**EXERCISE BRIEF:** When you reproduce these records, keep every word exactly and drop the images.

**RECORD EXCERPTS:**

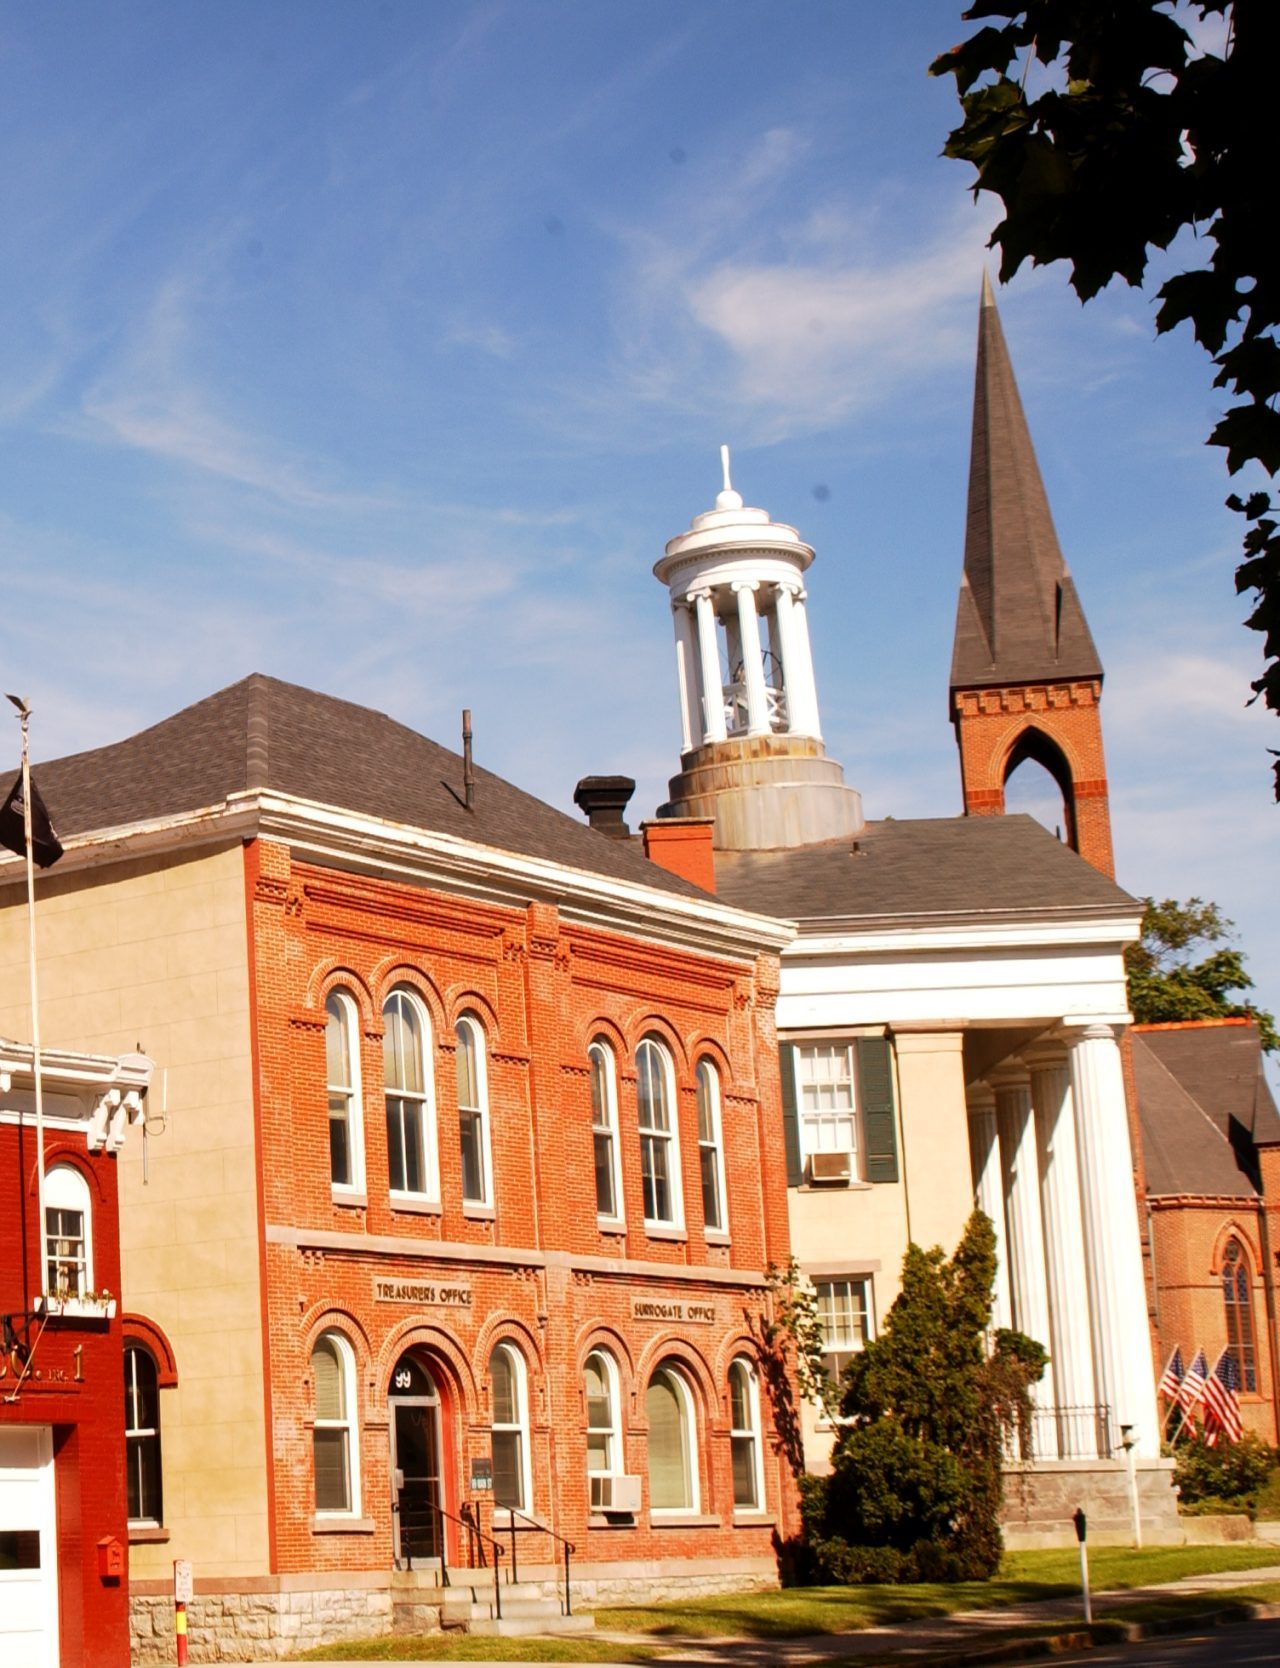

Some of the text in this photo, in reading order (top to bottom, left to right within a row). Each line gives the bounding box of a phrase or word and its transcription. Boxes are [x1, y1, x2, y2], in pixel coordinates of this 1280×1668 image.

[439, 1288, 473, 1305] OFFICE
[634, 1303, 716, 1321] SURROGATE OFFICE
[73, 1343, 84, 1382] 1
[394, 1368, 411, 1388] 99
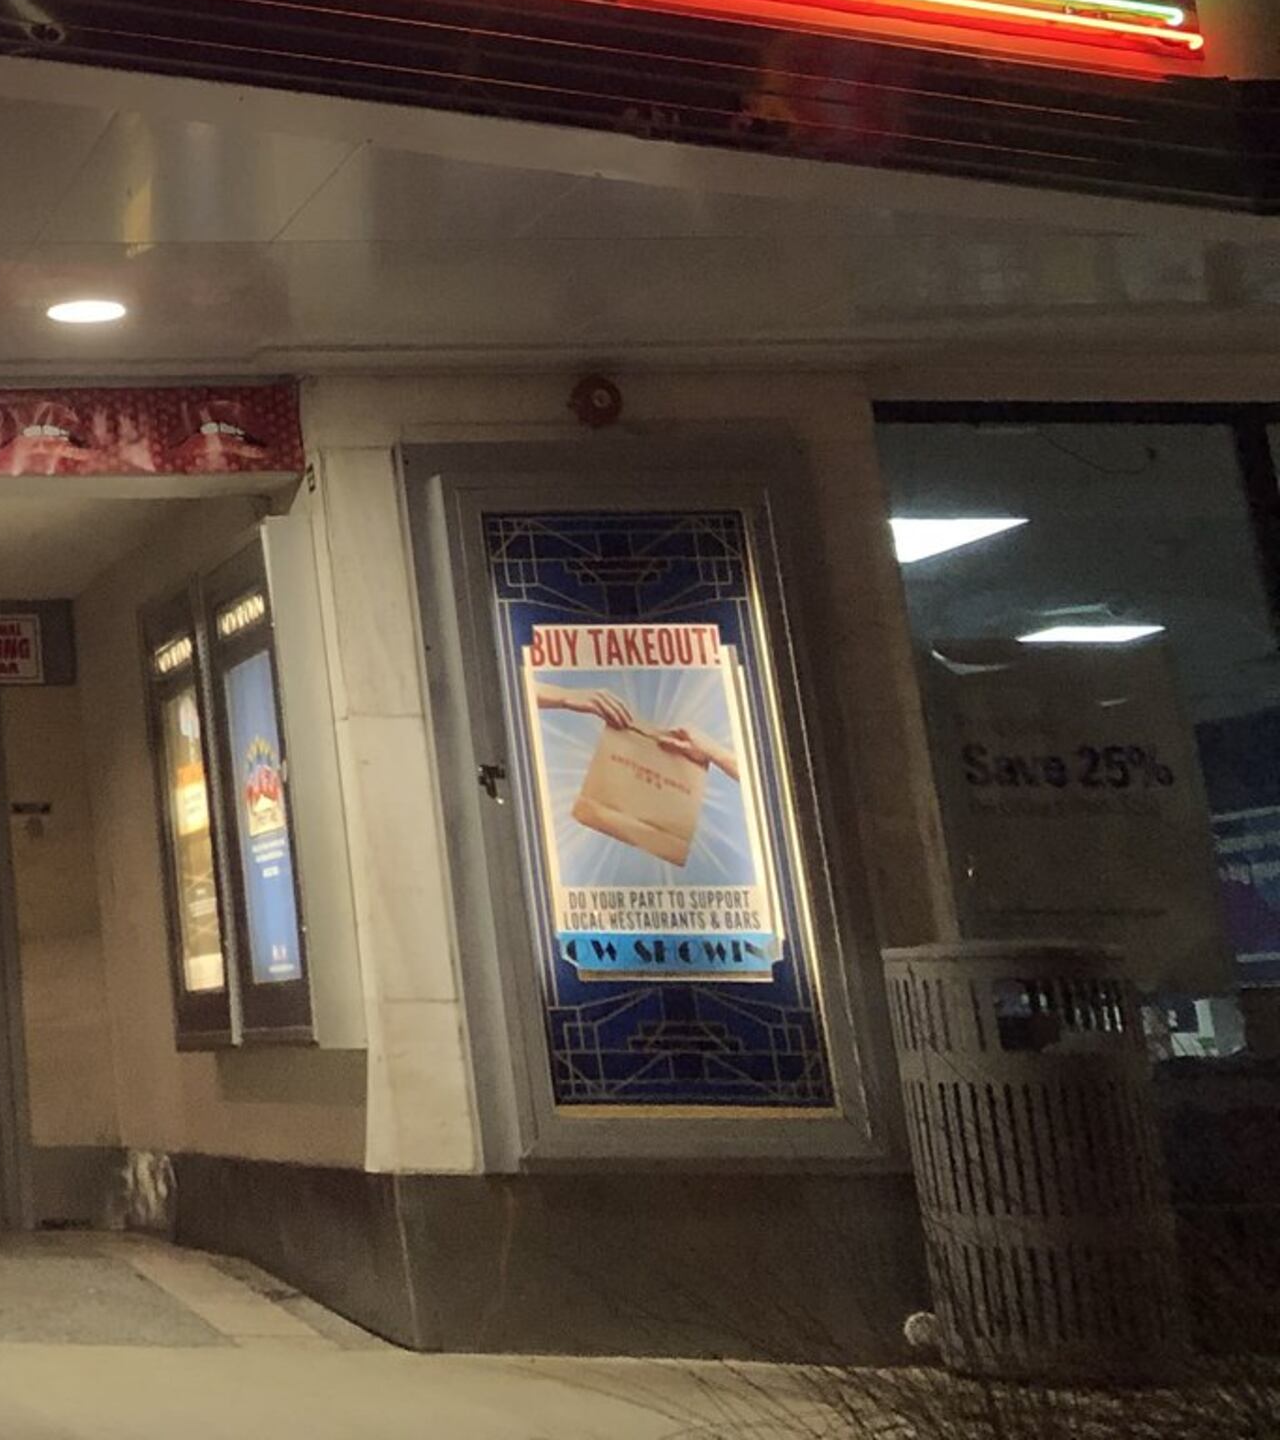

**EXERCISE OUTPUT:**
Some of the text in this photo, in reading order (top to bottom, left to right within a row). Each line gives the bounding box of a phrase or word and its transcription. Boxes are [x1, y1, x2, y2], in pixel coordinates of this 1280×1668 image.

[439, 1288, 473, 1305] OFFICE
[634, 1303, 716, 1321] SURROGATE OFFICE
[73, 1343, 84, 1382] 1
[394, 1368, 411, 1388] 99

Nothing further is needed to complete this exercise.